Watching the bad-asses of Northern Europe kill it in the snow got me thinking, maybe I should try the opposite of the norm for snow riding.
Maybe instead of fat floaty tires, I should be running skinny tires that can bite through the fluffy powder to the frozen ground below?
That's what they do with Pro Rally too; run skinny snow tires that can bite.
That's what Mr. Kowalski did back in the day too. He'd take the huge balloons off his Bronco and put on these silly looking little snow tires to get through the Winter.
So that's what I did. I had bought some 37mm studded tires for commuting, and never really found a need for them. Now was my chance.
Mounted them up at about 40psi and hit the road. I left my cog / chainring the same effectively reducing my gear to about a 46" (from a 49").
Where other users had tread, I would have been better off with a standard mtb tire. Things were more compacted than the other day, but the skinnies were not ideal on it. Staying on the side of the trail in the untouched powder on the other hand was great. I gutted out the fireroads to an elevation were fewer users had traveled. At one point I was actually hoping to bog down, or spin out so I could take my glasses off, but no dice, I had to wait until the trail flattened out a bit to take them off (ah, shucks). The skinniness of the tire didn't create too much drag cutting through to the frozen earth below, and the studs and tread could really bite in. As long as the powder was fresh, and I didn't wander into a snow drift, or break through a frost heave things went well.

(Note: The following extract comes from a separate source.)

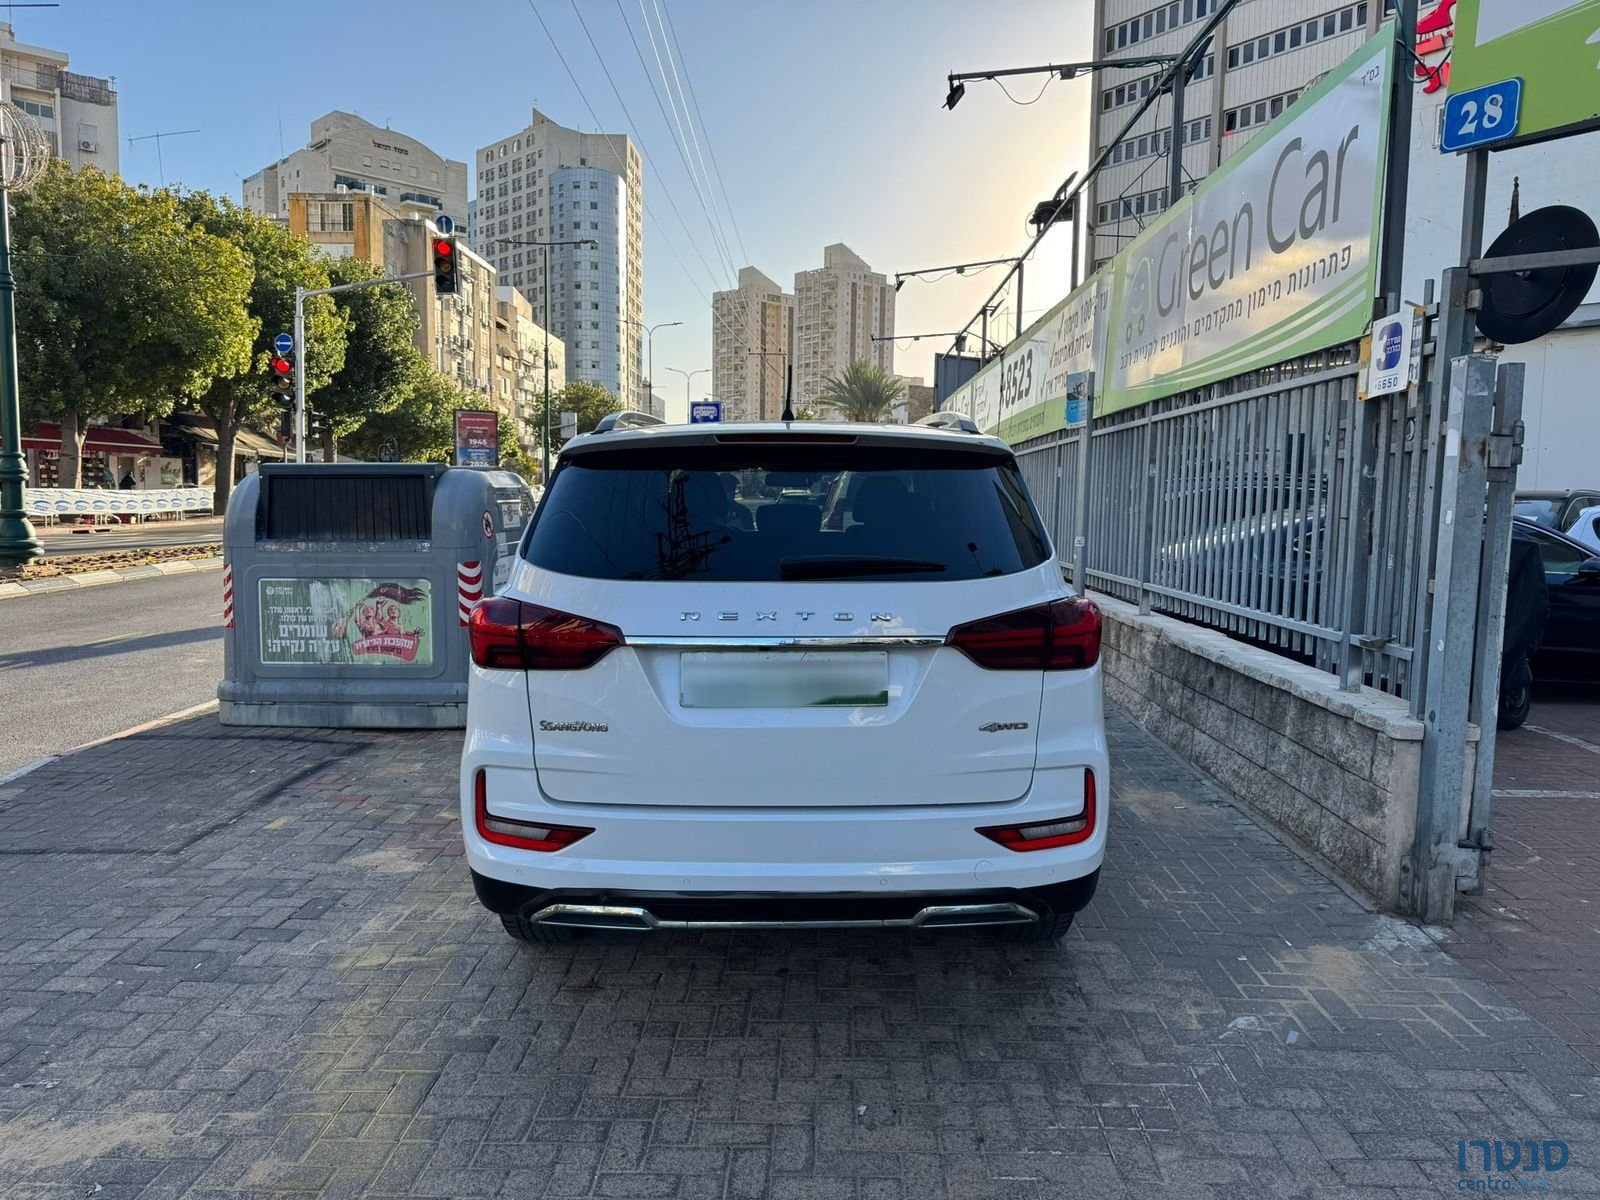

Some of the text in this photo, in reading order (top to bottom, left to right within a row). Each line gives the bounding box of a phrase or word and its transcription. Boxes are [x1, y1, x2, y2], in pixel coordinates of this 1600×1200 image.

But even so, a lot of work. I'm properly anesthetized for the Holidays.
Merry Christmas (hohoho and all that jazz)!
Skinny studs
4 comments:
Merry Christmas!
cb2
in the past three days, I tried three different snow bikes... first the single speed 29'er with 2.0 studded tires, then the pugsley with 4" wide tires, then the hardtail with snowcats and nokian studded tires. so a fat tire, a medium width tire, and a skinny ( 2.0) tire...
they all worked, but the snow was very variable so each had good sections and bad sections .. but they were different for each configuration. I'd love to find the perfect combination .. but don't think that is technically possible.
The pugsley with 4" tires handled the payloader tire treads very nicely.. smooth and quick. The others bounced/jarred me on the same track... but on the trampled snow and the deeper snow, the pugsley slid around and it was hard to stay upright..
Geez you think you could have at least posted a WRX video... What tires are those specifically?
Yeah, I did lame out on the rally video, it was x-mass eve and I was in a hurry.